Subject: [EL] "Ornstein's Awards are Nothing to Brag About" |
From: Joseph Birkenstock |
Date: 3/30/2011, 8:44 AM |
To: "rhasen@law.uci.edu" <rhasen@law.uci.edu>, Election Law <election-law@mailman.lls.edu> |
Food for thought: wouldn’t it be a clearer violation of an
FEC commissioner’s oath of office to in fact enforce the law as Congress
wrote it? Bringing an action to enforce FECA’s limits on
independent expenditures, for example, would seem to me to be potentially
sanctionable in a court, and at a minimum could subject the Commission to (yet
further) liability to pay the respondent’s legal expenses under an EAJA
petition.
I see that Ornstein noted what he calls McGahn’s “disclaimer,”

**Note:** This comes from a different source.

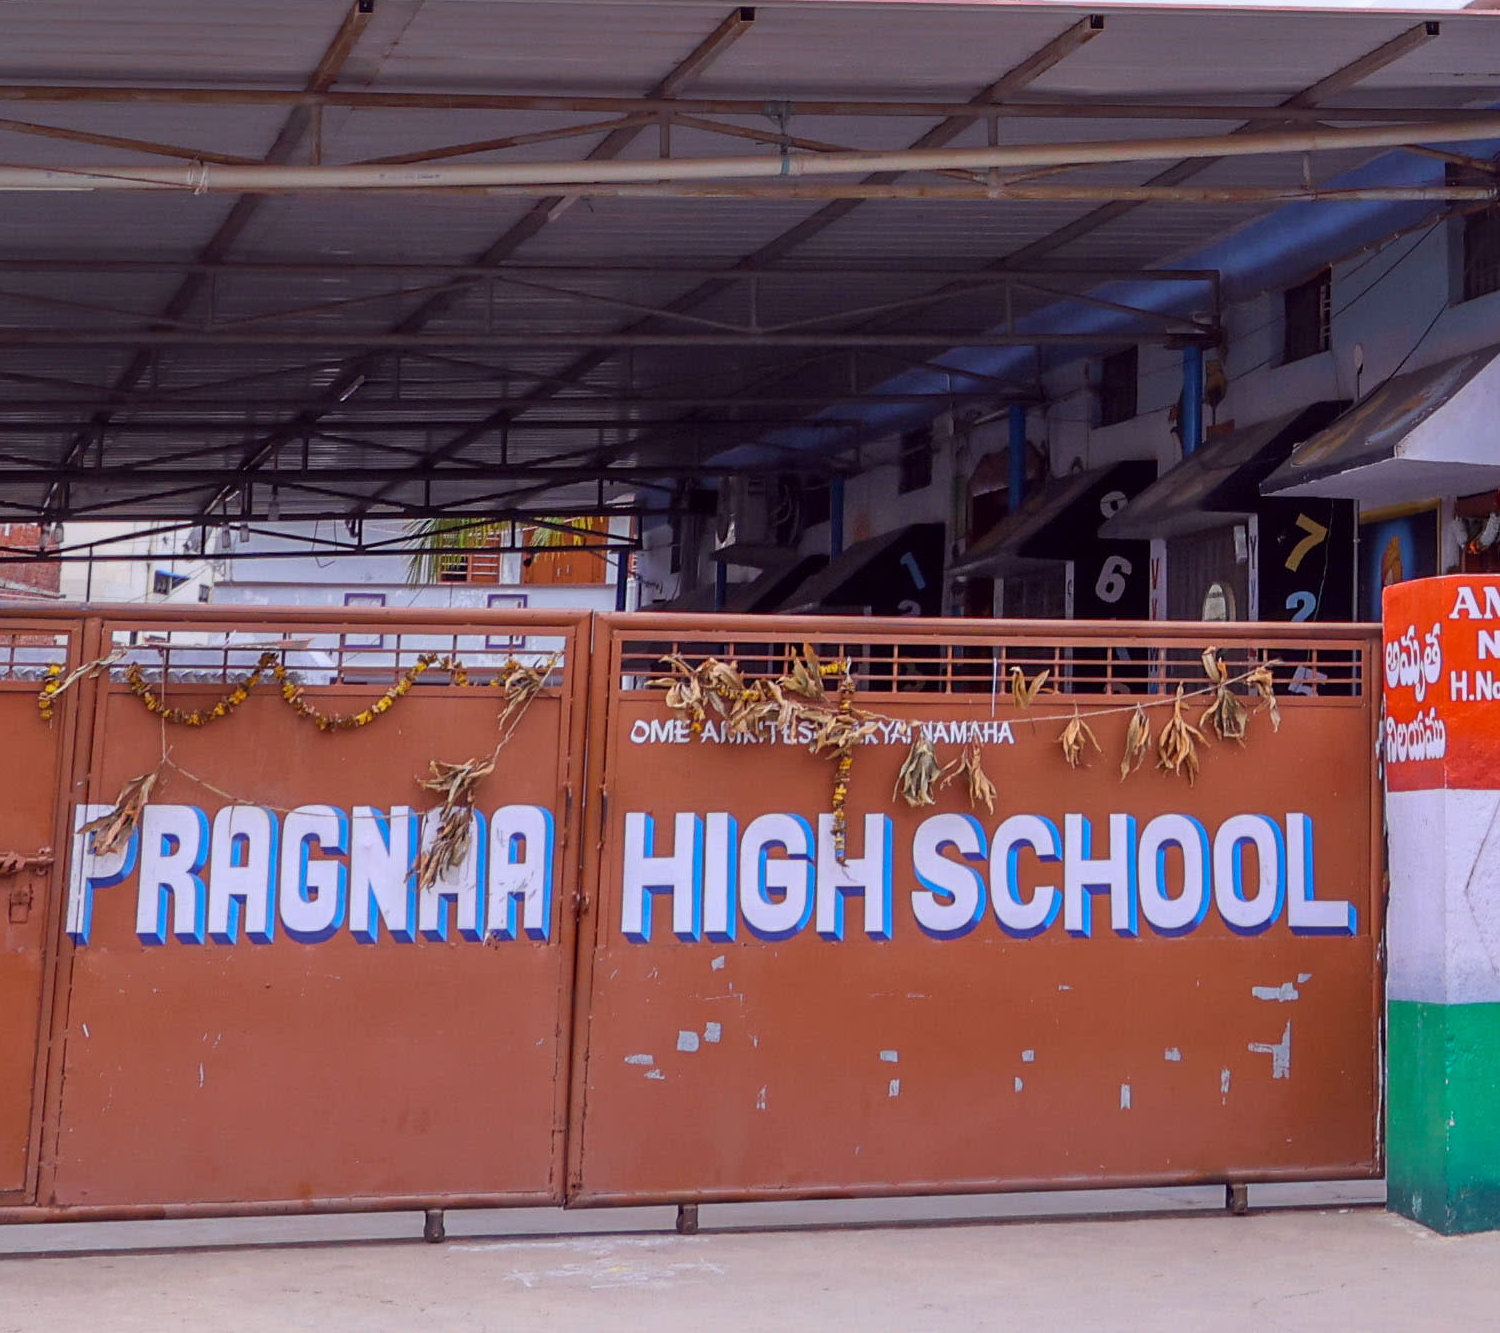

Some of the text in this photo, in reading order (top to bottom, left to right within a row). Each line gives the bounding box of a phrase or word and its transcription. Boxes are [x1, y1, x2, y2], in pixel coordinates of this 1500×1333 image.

but I don’t think he paid enough attention to it. Whether or not Ornstein
(or I) or anyone else is happy about it, the foundation underneath the entirety
of campaign finance law undeniably has shifted, a lot, and it really doesn’t
seem productive to me to respond to that shift by lobbing this kind of
accusation at the administrators of the agency that’s obligated to adapt
to the new reality.
My only point being that you don’t need to agree with
everything these Commissioners (or any Commissioners) have done to think that it’s
a mistake to attempt the leap from “I disagree with his decisions”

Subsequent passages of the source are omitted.